#### Data records
________________________________________

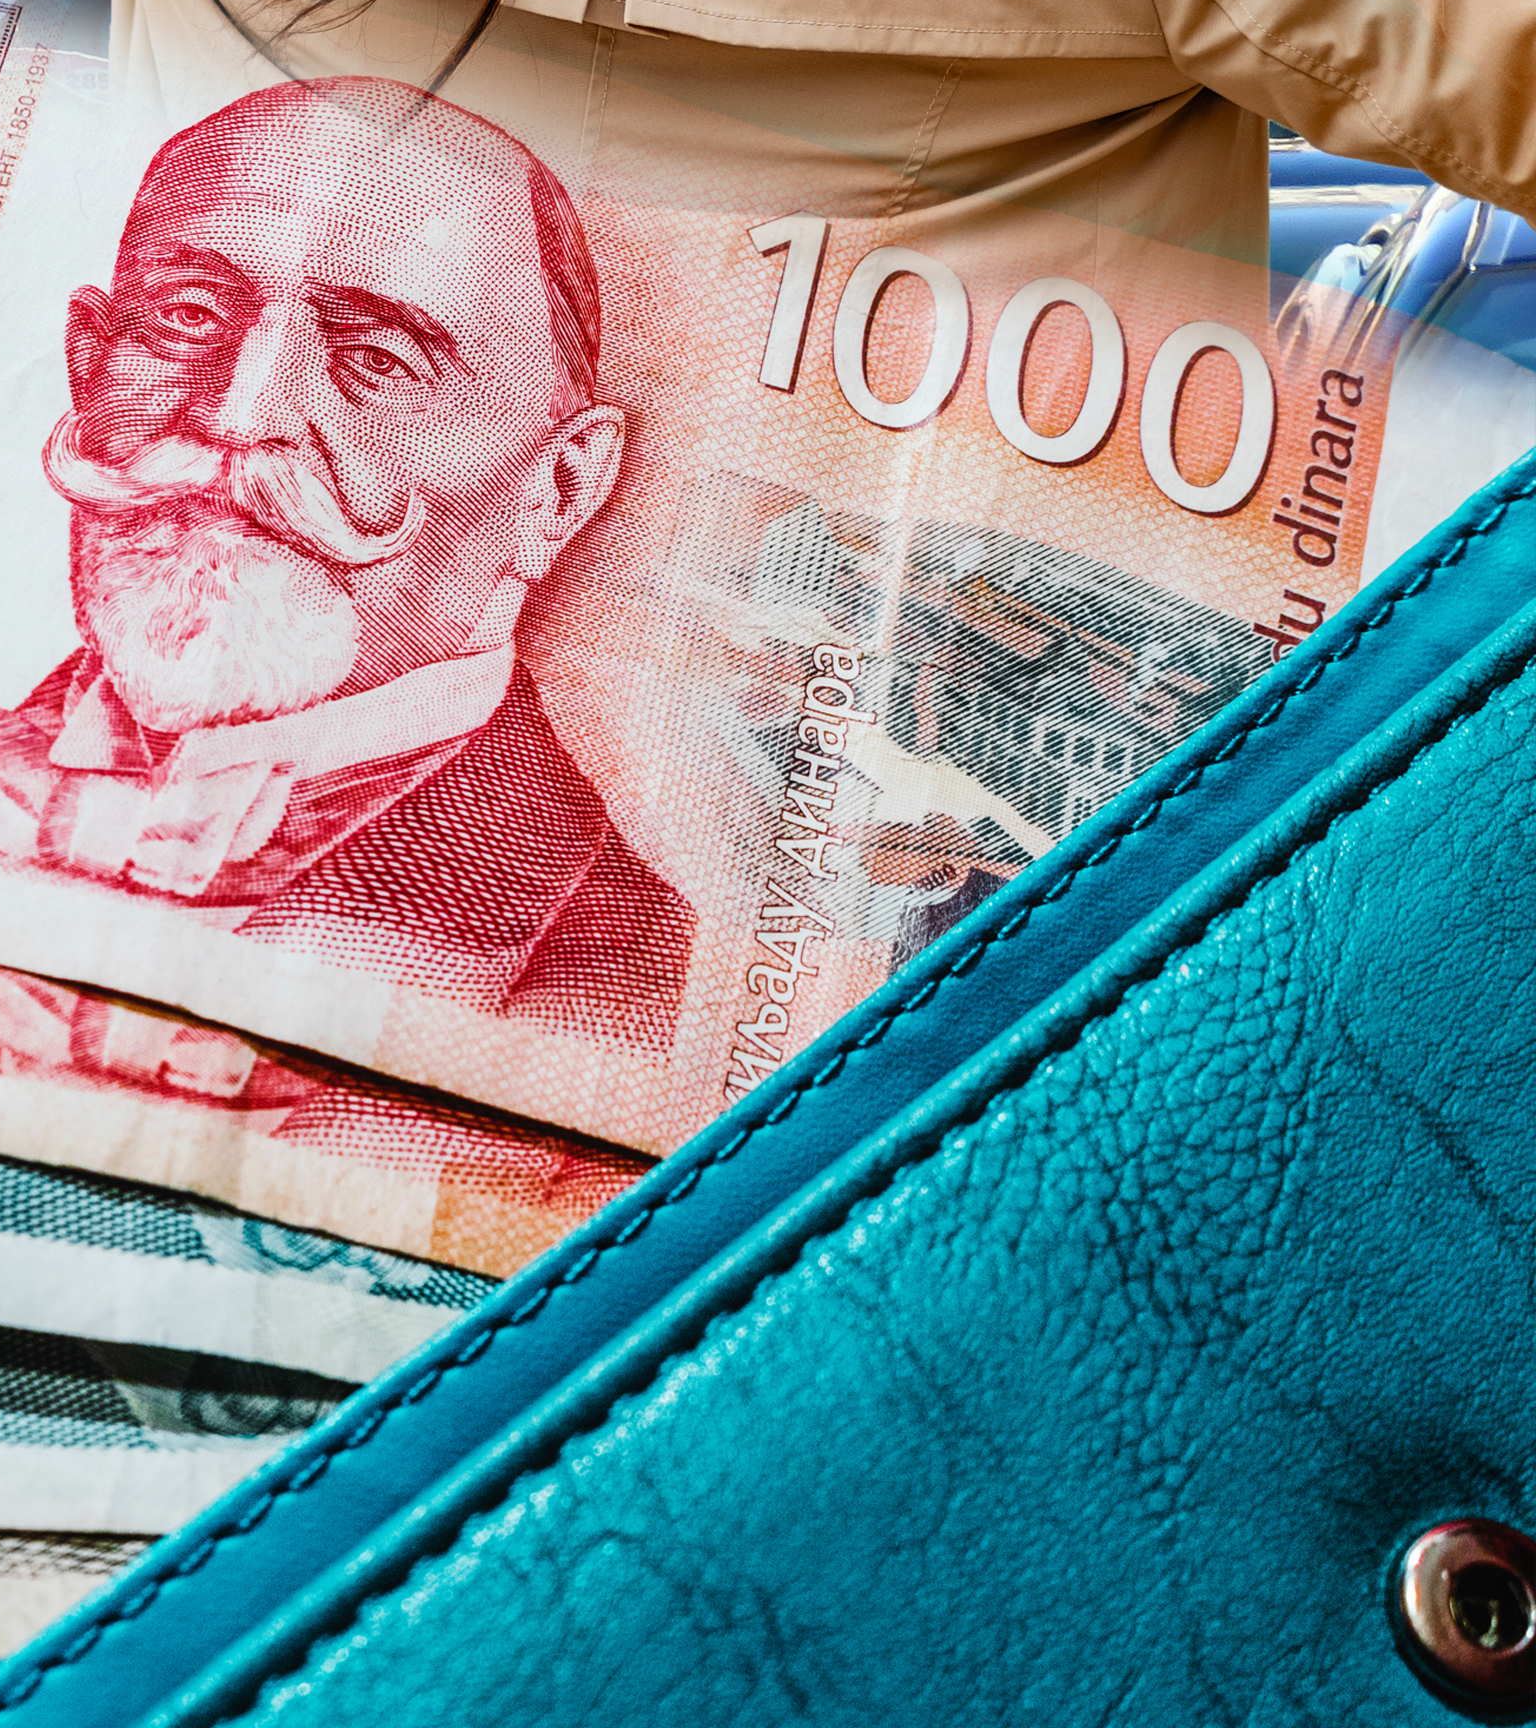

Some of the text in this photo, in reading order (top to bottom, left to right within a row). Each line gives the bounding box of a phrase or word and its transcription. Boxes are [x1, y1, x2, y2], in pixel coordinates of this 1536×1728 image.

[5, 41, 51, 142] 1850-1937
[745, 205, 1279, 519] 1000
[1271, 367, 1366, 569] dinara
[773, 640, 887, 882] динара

________________________________________

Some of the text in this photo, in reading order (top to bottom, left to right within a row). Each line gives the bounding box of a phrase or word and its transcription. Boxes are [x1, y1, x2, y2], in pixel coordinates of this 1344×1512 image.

________________________________________

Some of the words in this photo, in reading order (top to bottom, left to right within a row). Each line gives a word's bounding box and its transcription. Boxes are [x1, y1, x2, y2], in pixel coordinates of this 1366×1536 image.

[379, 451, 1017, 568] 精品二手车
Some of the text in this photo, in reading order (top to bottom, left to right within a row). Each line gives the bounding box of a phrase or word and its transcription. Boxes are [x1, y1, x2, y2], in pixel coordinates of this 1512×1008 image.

________________________________________

Take the lines above from the one containing "Some of the words" to the one containing "this 1512×1008 image." and retype them exactly, both ends included, with nothing added.

Some of the words in this photo, in reading order (top to bottom, left to right within a row). Each line gives a word's bounding box and its transcription. Boxes are [x1, y1, x2, y2], in pixel coordinates of this 1366×1536 image.

[379, 451, 1017, 568] 精品二手车
Some of the text in this photo, in reading order (top to bottom, left to right within a row). Each line gives the bounding box of a phrase or word and its transcription. Boxes are [x1, y1, x2, y2], in pixel coordinates of this 1512×1008 image.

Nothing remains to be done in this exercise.